The emergence and convergence of AI, IoT, cloud, and autonomous driving technologies have brought tremendous opportunities to the semiconductor industry. However, as the process technology moves towards 7nm/5nm nodes, heterogeneous integration, and 3D structures, there are many challenges in the industry to be resolved.
At this year's Semicon Taiwan, Akihisa Sekiguchi, deputy division general manager of Corporate Innovation Division at Tokyo Electron Limited (TEL), a leading semiconductor equipment company, gave a speech on the topic of "Semiconductor Equipment in the Era of Internet of Cognitive Entities," sharing his views on the latest trend. He stressed that TEL will strengthen cooperation with customers to overcome various technical challenges, so that the industry can continue to enjoy the cost reduction benefits at advanced nodes and to realize the vision of smart life in the AI era.
Opportunities and challenges coexist in the semiconductor industry
With the spread of IoT technology, the age of AI/big data has begun. A large amount of data generated by each node needs to be stored, processed, transmitted and analyzed, therefore pushing up the demand for various semiconductor devices, including memory, logic, sensors, and the emerging AI chips. It is expected that the trend will drive the long-term growth of the overall industry, and for this year, the semiconductor production equipment market has set a new record of US$60 billion.
"From the computer to the mobile era, by process scaling, the industry has been able to keep growing and meet consumers' demands for smaller, cheaper, and better products," Sekiguchi said. "But now we are at a turning point. If we want to continue this successful model in the AI era, we need new breakthroughs in both chip design and process technology."
First of all, in terms of chip design, so far the AI function is mainly used in the cloud. But the long-term growth brought by AI cannot be made possible if the deep learning/inference functions are not prevalent across every IoT nodes.
At present, many companies are investing in GPU, FPGA, and ASIC chips for this.

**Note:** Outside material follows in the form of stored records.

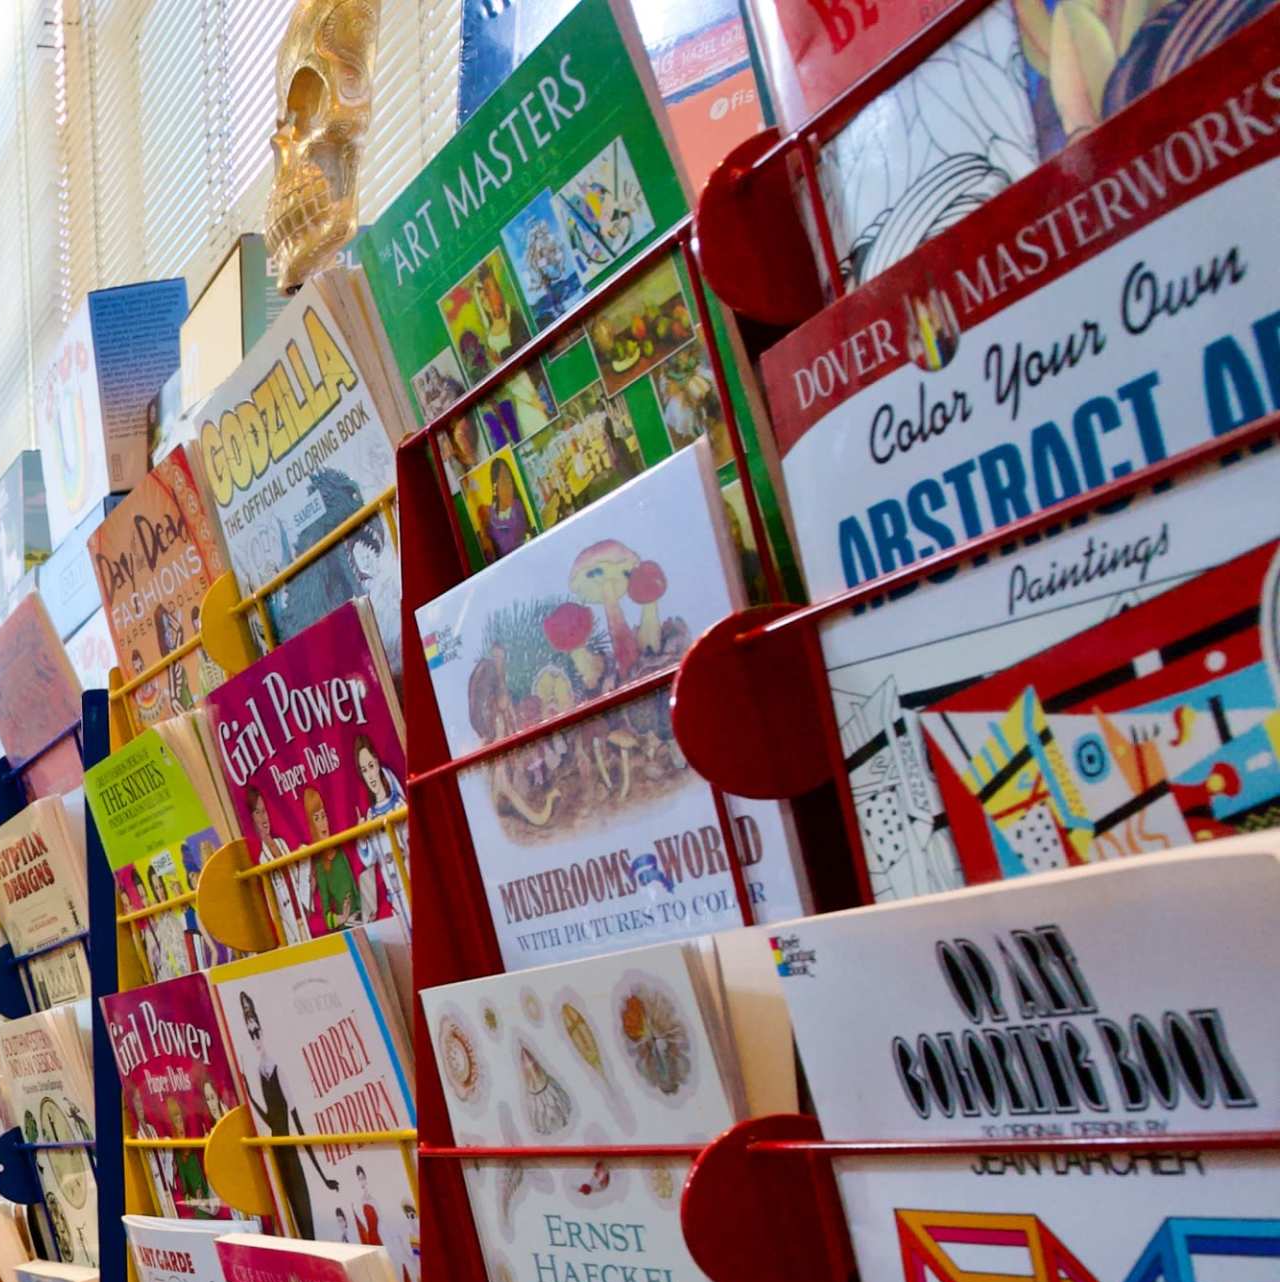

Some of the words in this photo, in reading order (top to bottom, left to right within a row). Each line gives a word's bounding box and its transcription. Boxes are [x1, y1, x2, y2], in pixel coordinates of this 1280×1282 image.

[391, 200, 441, 287] ART
[442, 52, 589, 230] MASTERS
[793, 319, 900, 410] DOVER
[868, 382, 973, 466] Color
[984, 319, 1107, 421] Your
[1120, 246, 1248, 336] Own
[200, 306, 358, 508] GODZILLA
[242, 473, 286, 529] OFFICIAL
[286, 432, 339, 498] COLORING
[339, 403, 371, 444] BOOK
[839, 371, 1172, 598] ABSTRACT
[292, 499, 324, 528] SAMPLE
[111, 544, 202, 630] FASHIONS
[1009, 524, 1170, 616] Paintings
[218, 697, 276, 788] Girl
[262, 671, 367, 745] Power
[270, 761, 307, 800] Paper
[304, 743, 340, 782] Dolls
[100, 783, 128, 816] THE
[121, 760, 166, 804] SIXTIES
[3, 859, 55, 905] DESIGNS
[497, 847, 637, 925] MUSHROOMS
[515, 922, 561, 953] WITH
[561, 910, 659, 947] PICTURES
[661, 901, 688, 923] TO
[935, 936, 1008, 1024] OP
[994, 924, 1098, 1020] ART
[110, 1014, 142, 1078] Girl
[139, 1000, 212, 1065] Power
[302, 1009, 371, 1100] AUDREY
[892, 1018, 1109, 1120] COLORING
[1097, 1007, 1258, 1113] BOOK
[157, 1248, 196, 1275] GARDE
[543, 1214, 647, 1254] ERNST
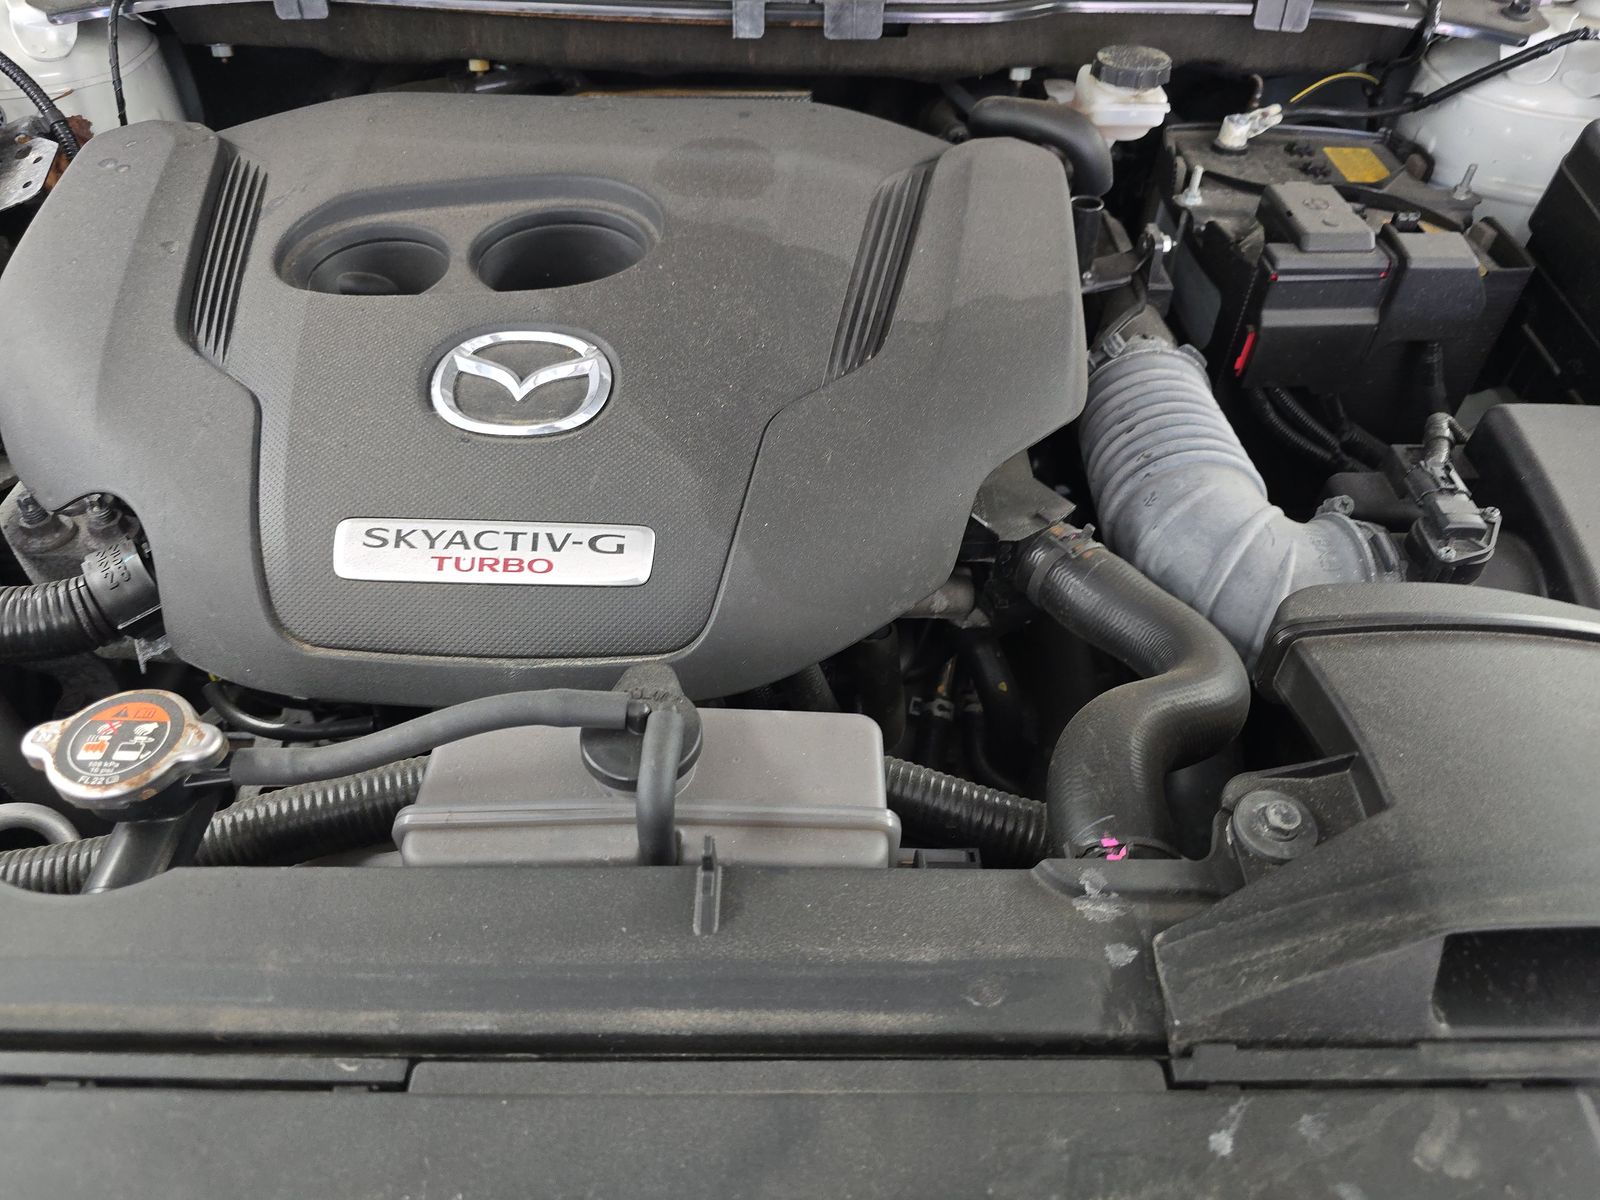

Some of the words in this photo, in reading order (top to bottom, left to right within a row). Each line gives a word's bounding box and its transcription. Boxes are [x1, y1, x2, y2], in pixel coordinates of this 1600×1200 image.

[362, 527, 626, 555] SKYACTIV-G
[431, 555, 554, 574] TURBO
[77, 775, 106, 785] FL22
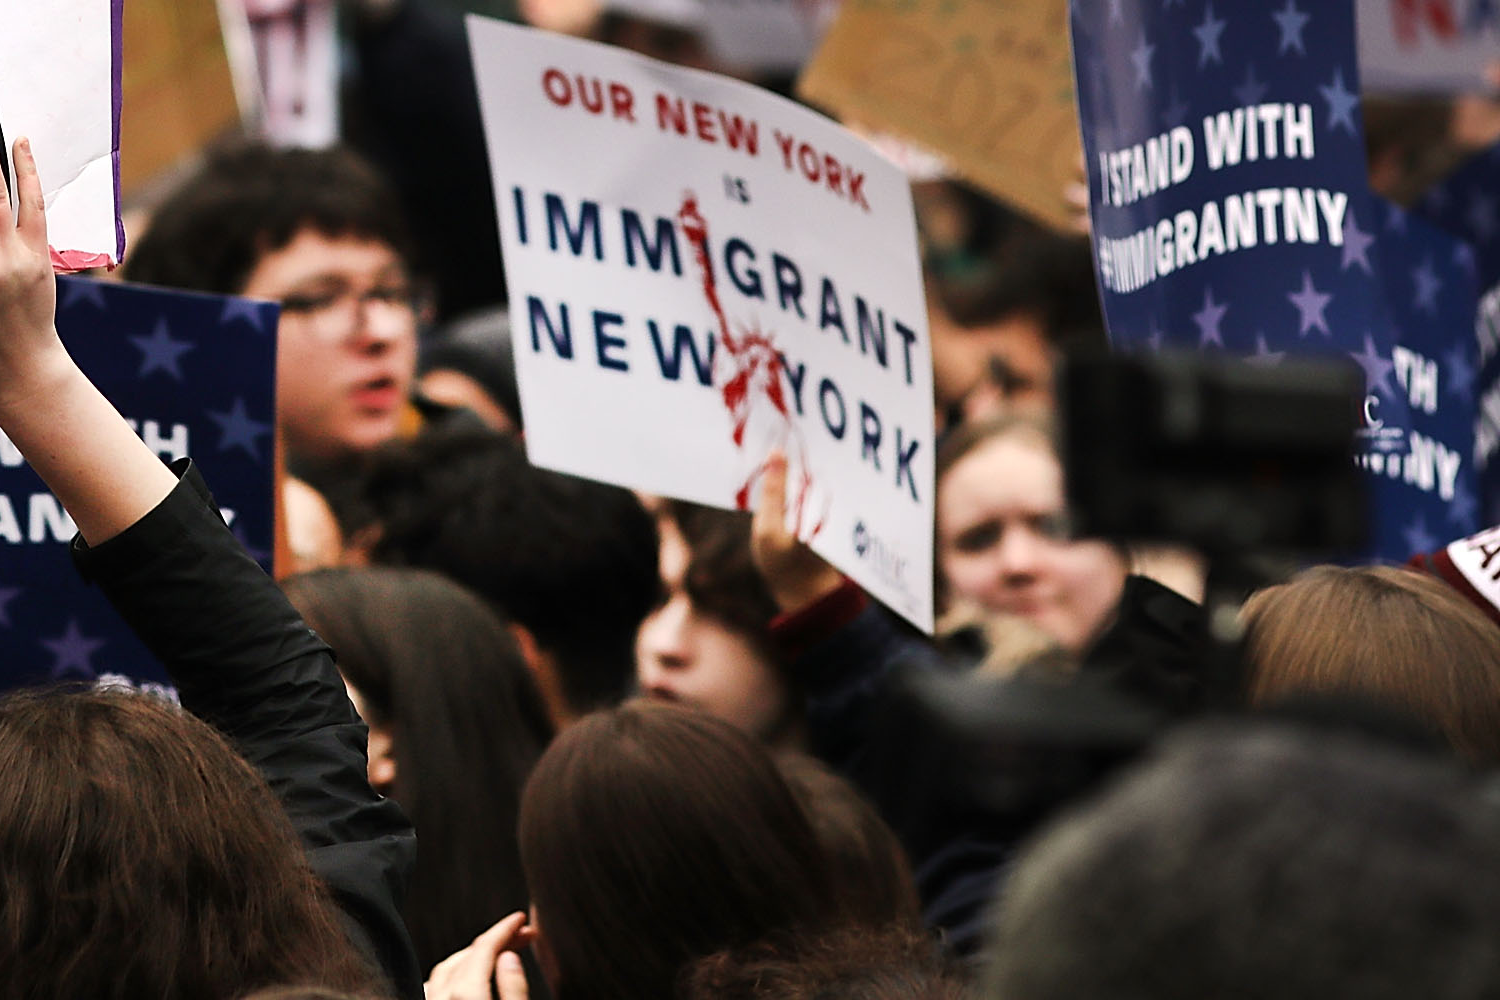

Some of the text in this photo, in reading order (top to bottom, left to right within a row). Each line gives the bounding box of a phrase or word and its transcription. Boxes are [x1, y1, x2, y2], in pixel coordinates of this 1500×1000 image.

[541, 68, 872, 214] OUR NEW YORK
[723, 174, 750, 206] IS
[1099, 102, 1315, 208] I STAND WITH
[512, 185, 919, 386] IMMIGRANT
[527, 295, 920, 503] NEW YORK

In addition, a brand new kind of neuromorphic chip, which adopts non-Von Neumann architecture, has been actively developed. This is a new revolution for the existing CMOS circuits and CPU architectures, in a bid to accelerate the realization of AI applications by providing several orders of magnitude enhancement of performance, cost and power efficiency.
This is because different AI algorithms require different hardware solutions, and the traditional way of making processors faster is no longer enough. New architecture, integration and system optimization are required to meet the different needs of cloud and edge devices. Therefore, a variety of new AI-optimized chips/devices will show up in the market. And TEL is working with multiple partners to address the AI development needs.
In addition, in terms of process technology, DRAM, NAND and logic devices are all facing the increasingly difficult challenge of process scaling, which must be solved by adopting new materials and moving to 3D architecture.
For DRAM, scaling has become increasingly difficult as the capacitor aspect ratio increases to be over 50 at D16 node. As for NAND, the implementation of 3D structure has enabled continued scaling. "But we are now talking about over 100 layers of different materials stacking. How to keep dimension consistency from the top to the bottom, it's a daunting task," said he.
"For logic scaling, thanks to the progress of lithographic technology, we are able to keep scaling as EUV is ready to be used at 7nm node. But in terms of process complexity, we have to deal with the problems from planar to FinFET, high-K, and to nanowire and nanosheet at 5nm below."
When fabricating these tiny 3D structures, maintaining the uniformity and consistency of operation is very important. From the capability side of equipment, atomic level control of processing is a must at leading edge technology nodes.
Winners are those who can keep driving down the cost
Scaling capability limitation and growing demand for devices occurring at the same time means the cost is an issue. Though the industry can always get the performance required by utilizing innovative technologies and new materials. But now the question is that is it the end of cost scaling?
Sekiguchi is optimistic about this, saying, "We don't believe that it is the end of cost scaling but it is true that cost is a big factor. FinFET is a performance requirement and as we have progressed through several nodes of its development, production issues are being ironed out. If anything, the introduction of EUV can have a positive effect in terms of reducing the manufacturing cost by making EUV plus dual patterning the solution for patterning instead of SAQP for example. To some effect, the dependence is on EUV throughput and cost effectiveness. Of course, for 3D NAND, the dependence is not on lithography, rather it is on how many device layers we can stack. There it is deposition and etch productivity that will determine cost scaling."
"Though it's hard, the problems can be solved, provided that the industry as a whole works together to solve it systematically. And the winners in the future will be those who can still enjoy the benefits of cost-effectiveness at advanced nodes, who are the end users of our products," he stressed.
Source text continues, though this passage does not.